Supreme Court Rules: Sale of Invention can Prevent PatentingJanuary 24, 2019

Following passage of the America Invents Act, questions arose as to whether a secret sale by the inventor more than one year before patenting was prior art under section 102(a)(1) that would prohibit patenting of the invention. The language of the statute provides an invention cannot be patented if “in public use, on sale, or otherwise available to the publicbefore the effective filing date of the claimed invention.”  Questions arose as to whether the phrase “otherwise available to the public” qualified reference to the sale, meaning it had to make the invention available to the public.  The Supreme Court has now answered the question in Helsinn Healthcare S.A. v. Teva Pharmaceuticals USA Inc., No. 17-1229 (2019).  The unanimous opinion says the law did not change, and if a patent owner sells an invention to a third party before a patent application is filed, even if that sale is confidential, the on-sale bar applies.
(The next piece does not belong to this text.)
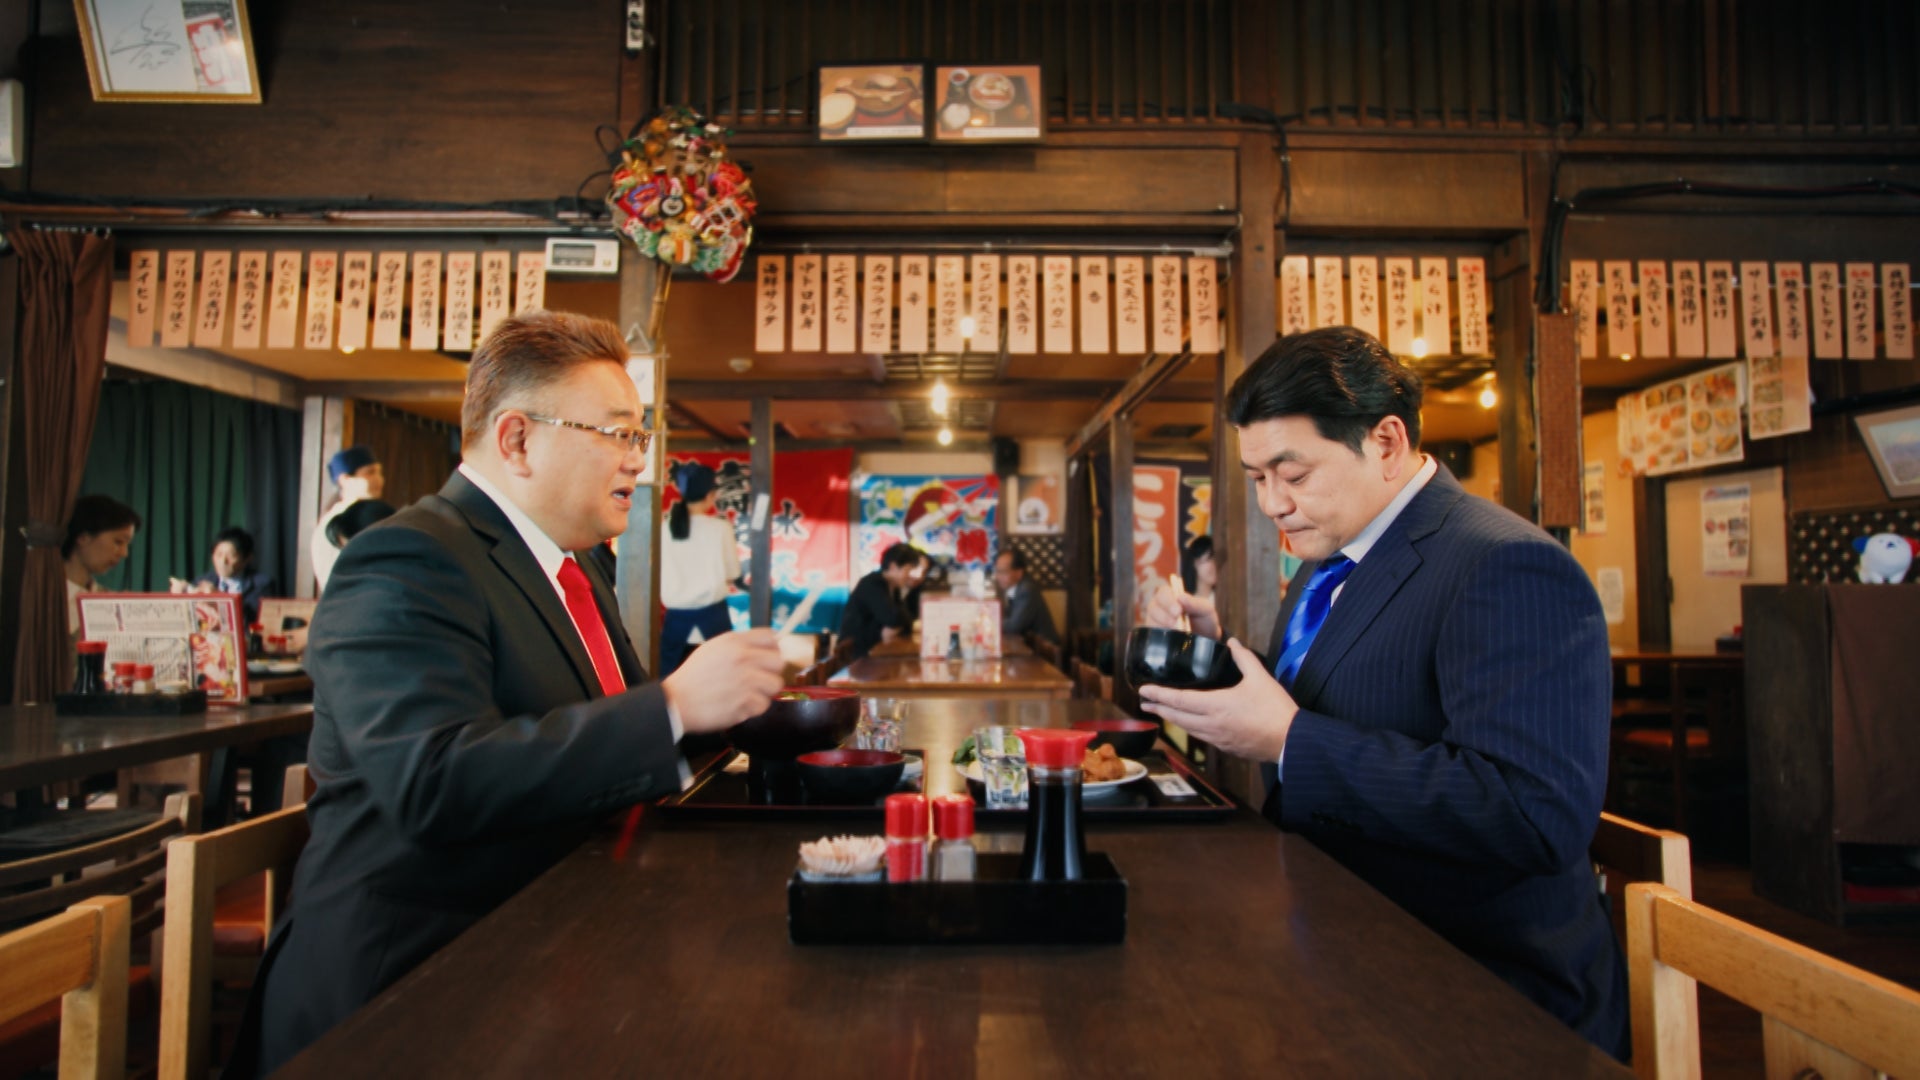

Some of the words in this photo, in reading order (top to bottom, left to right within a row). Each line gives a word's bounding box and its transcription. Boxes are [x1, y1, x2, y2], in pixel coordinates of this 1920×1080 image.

The Helsinn patent in this situation was to an intravenous formulation for reducing nausea and vomiting caused by chemotherapy treatments. The application was filed January 30, 2003.  On April 6, 2001,Helsinn entered into an exclusive license, supply and purchase agreement with MGI Pharma.  The existence of the agreement was made public but not the details.  Certain patents filed prior to AIA were found valid by the district court, as the invention was determined to not be ready for patenting.  Post AIA patents were found were also found valid, the lower court finding the sale was not public. The Federal Circuit reversed, saying it did not matter if the sale was confidential.  The Supreme Court affirmed.

With this unanimous ruling it becomes clear that those wanting to file a patent application need to file prior to a sale or offer for sale, and to carefully examine agreements regarding the invention to ensure they cannot be interpreted to constitute a sale.